■ **TASK DESCRIPTION**
Send each entry back exactly as given, pictures excluded.

MATERIAL PROVIDED Block Start

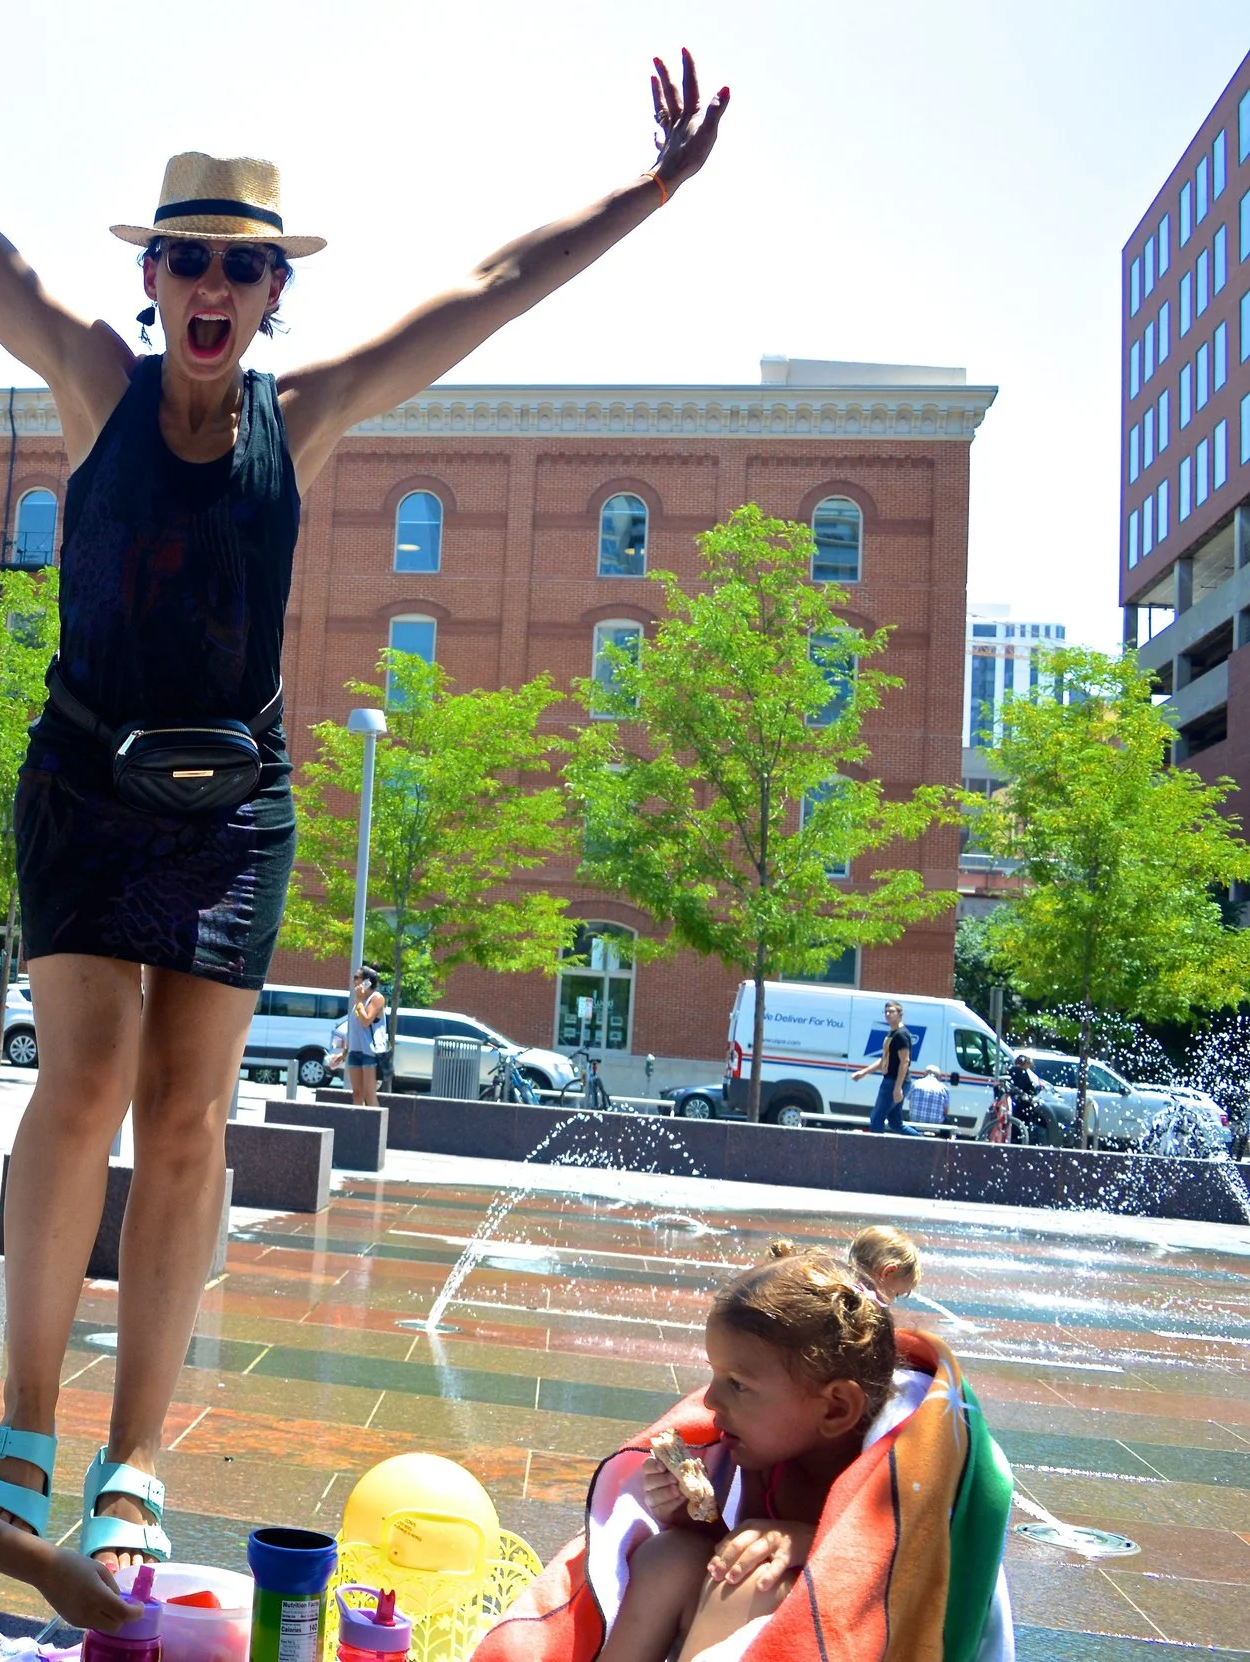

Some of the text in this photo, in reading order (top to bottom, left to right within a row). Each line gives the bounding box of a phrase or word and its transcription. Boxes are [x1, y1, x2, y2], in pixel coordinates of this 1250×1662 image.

[774, 1013, 807, 1024] Deliver
[808, 1016, 825, 1026] For
[826, 1018, 845, 1029] You.
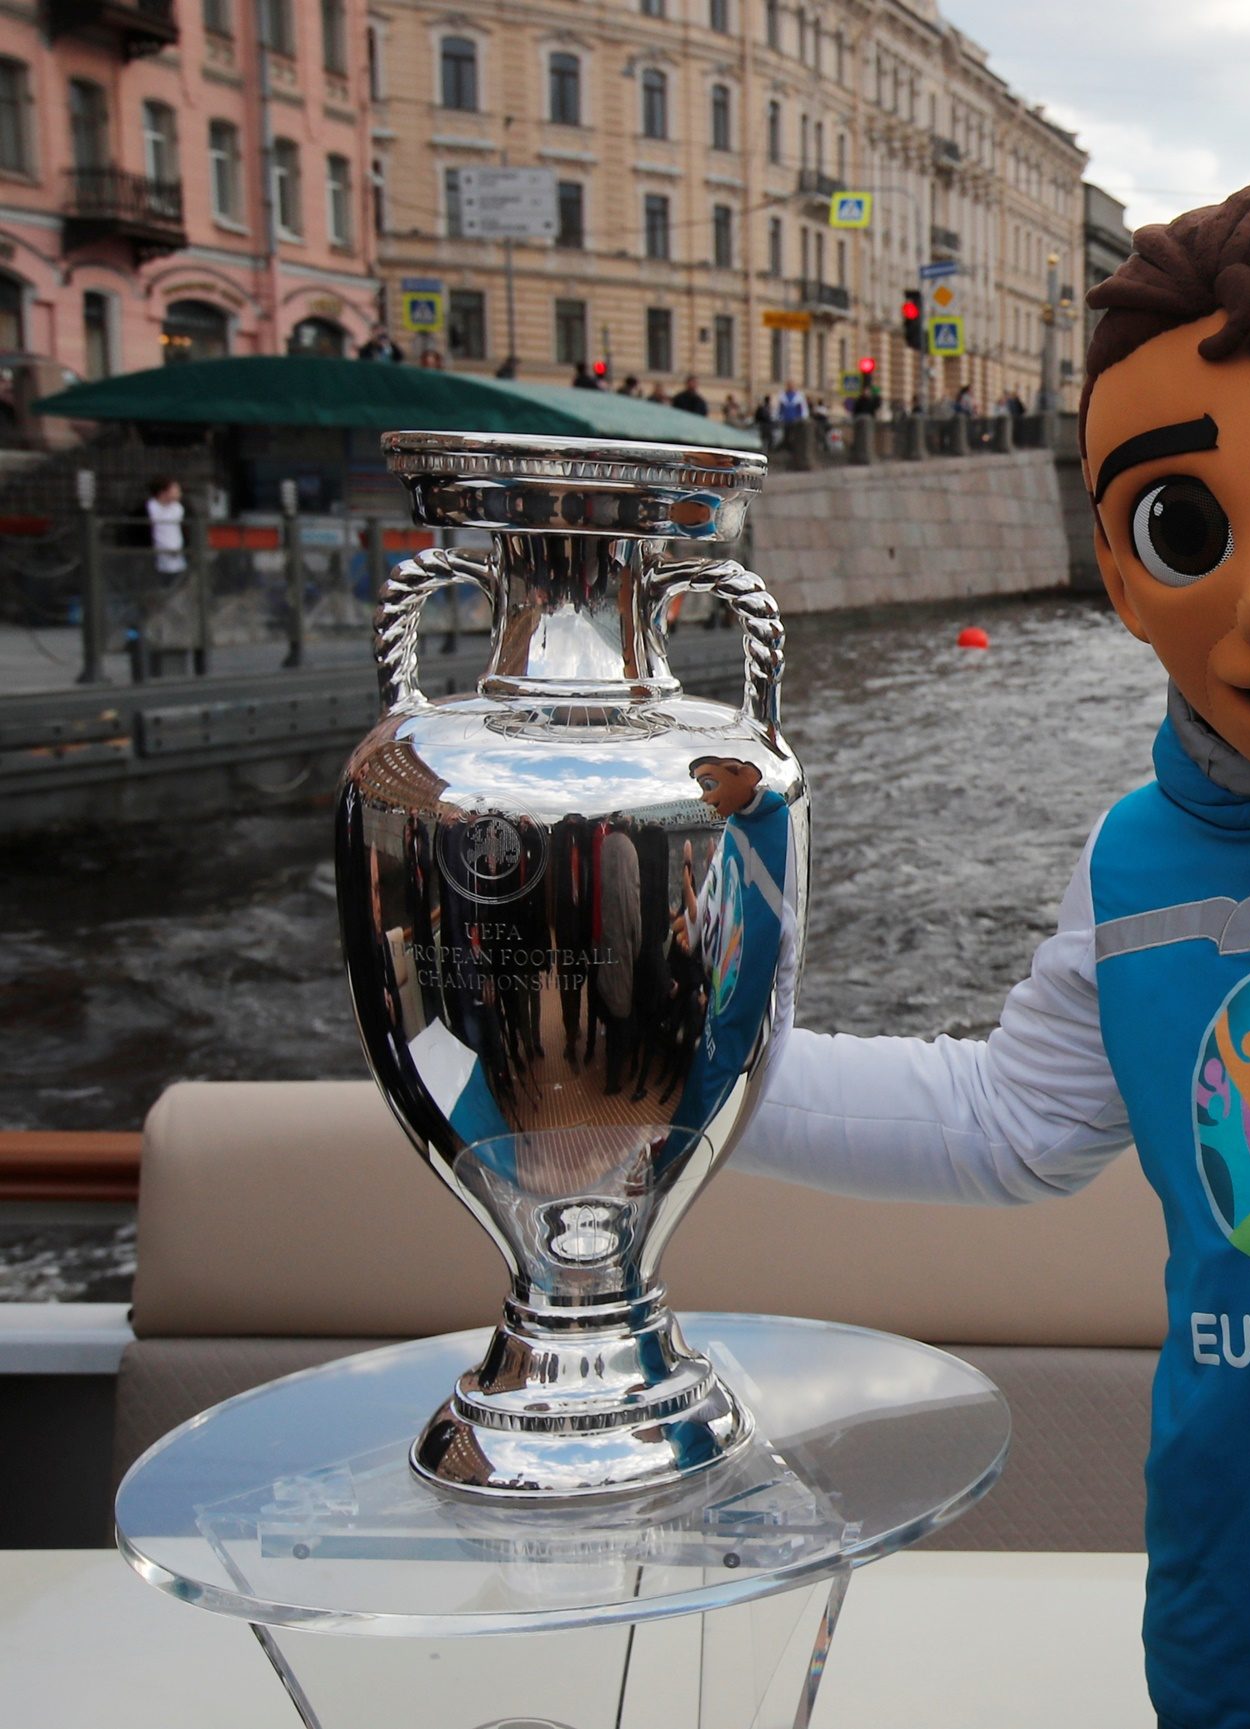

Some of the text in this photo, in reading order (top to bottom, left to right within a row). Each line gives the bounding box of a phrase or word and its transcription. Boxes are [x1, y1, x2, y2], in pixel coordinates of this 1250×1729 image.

[464, 922, 523, 941] UEFA
[377, 941, 620, 969] UROPEAN FOOTBALL
[417, 968, 587, 992] CHAMPIONSHIP

MATERIAL PROVIDED Block End

■ **RESPONSE**
Some of the text in this photo, in reading order (top to bottom, left to right within a row). Each line gives the bounding box of a phrase or word and its transcription. Boxes are [x1, y1, x2, y2], in pixel coordinates of this 1250×1662 image.

[774, 1013, 807, 1024] Deliver
[808, 1016, 825, 1026] For
[826, 1018, 845, 1029] You.

Some of the text in this photo, in reading order (top to bottom, left to right within a row). Each line gives the bounding box of a phrase or word and its transcription. Boxes are [x1, y1, x2, y2], in pixel coordinates of this 1250×1729 image.

[464, 922, 523, 941] UEFA
[377, 941, 620, 969] UROPEAN FOOTBALL
[417, 968, 587, 992] CHAMPIONSHIP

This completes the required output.